Joseph Kupelwieser (14 January 1791 – 2 February 1866) was an Austrian playwright, librettist, dramaturge and theatre director. Working at Vienna theatres for decades, he wrote the libretto for Franz Schubert's opera Fierrabras.

== Biography ==
Kupelwieser was born in Vienna, the son of Johann Kupelwieser (1760–1813), a tinware manufacturer with factories in Markt Piesting, Guntramsdorf and Vienna. From 1801 to 1802, Joseph attended the Akademisches Gymnasium and the Erziehungsinstitut (a boarding school) operated by Gaetano Giannatasio del Rio (1764–1828). He also studied briefly at the K.k. Akademie für Orientalische Sprachen, before becoming a soldier. He ran the factory of his father, which went bankrupt in 1822.

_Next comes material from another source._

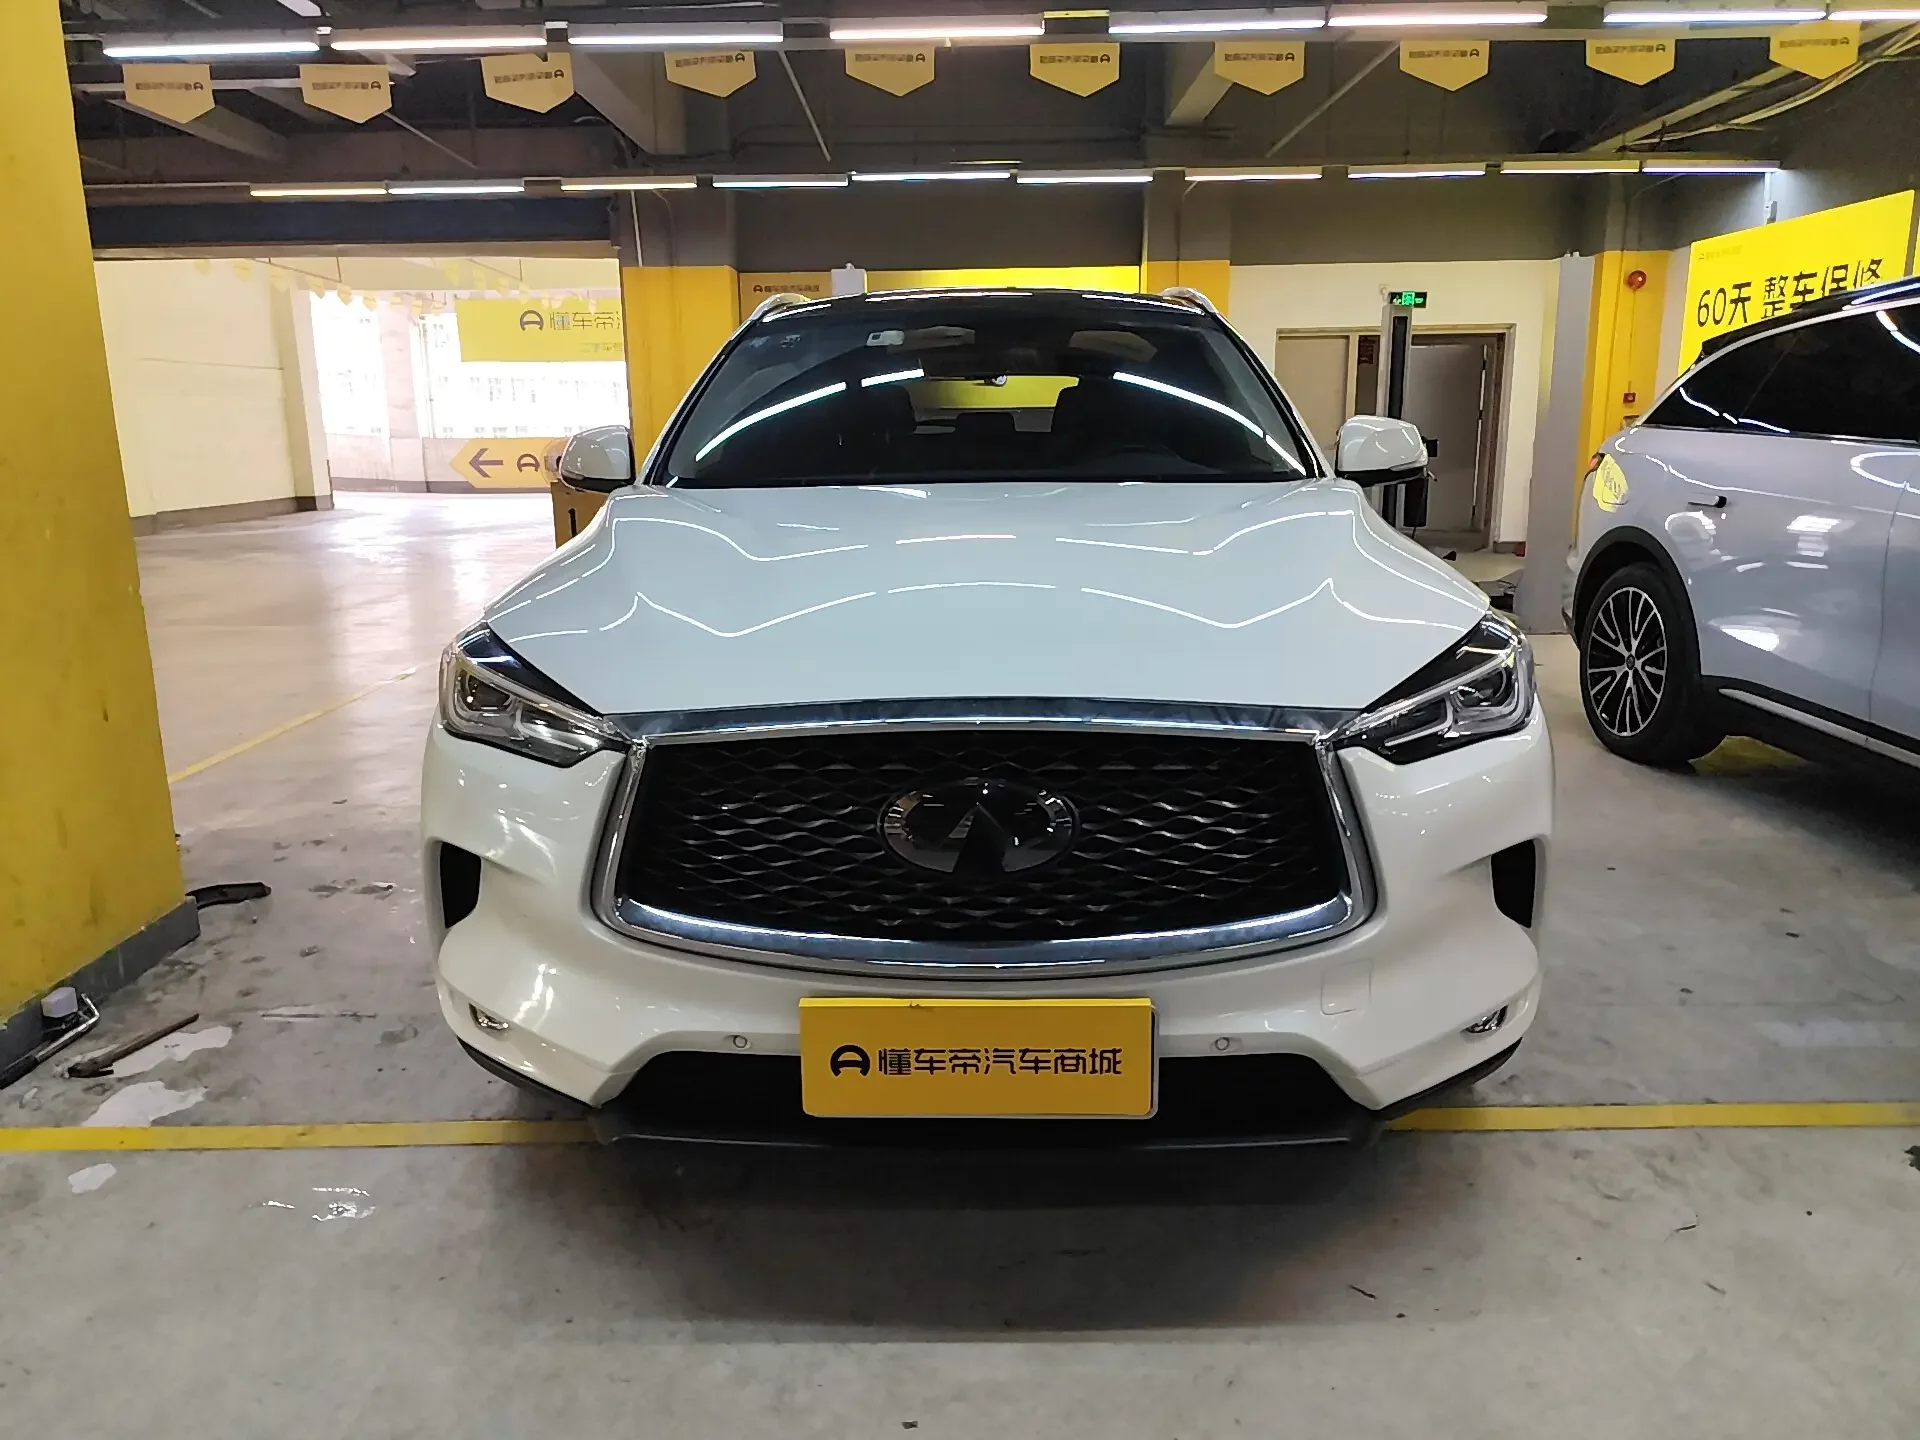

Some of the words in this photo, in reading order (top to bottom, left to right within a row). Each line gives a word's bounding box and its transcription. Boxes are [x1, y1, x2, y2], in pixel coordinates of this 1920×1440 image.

[1697, 282, 1752, 328] 60天
[878, 1047, 1123, 1076] 懂车帝汽车商城

In 1812, he married Anna Nödel, and they had at least five children. He was a member of the Unsinnsgesellschaft (Nonsense Society) from 1817, a group of painters, actors, writers and musicians (like Franz Schubert), who participated in revelries ostensibly devoted to the god "Insanius" (Unsinn). From 1823, he also belonged to a literary society Ludlamshöhle, named after a play by Adam Oehlenschläger. Although apparently a benign social club, it was banned in 1826 for "endangering the state".

From 1821, Kupelwieser worked for two years as the dramaturge at the Vienna Court Opera, where he began his activities as a translator, poet and librettist. He became involved in an affair with the actress Emilie Neumann. The play Rosamunde by Helmina von Chézy was apparently written for her at his request. Eventually, his wife left him and took their children. He also lost his job but had a successful career with engagements in Graz, to where he followed Neumann, and then from 1825 in Pressburg (today Bratislava). He moved to Agram (today Zagreb) in 1829, where he served as director for two months. From 1836 to 1862, he once again worked as a dramaturge, now at the Theater in der Josefstadt. His second wife was Elise Sedelmeyer.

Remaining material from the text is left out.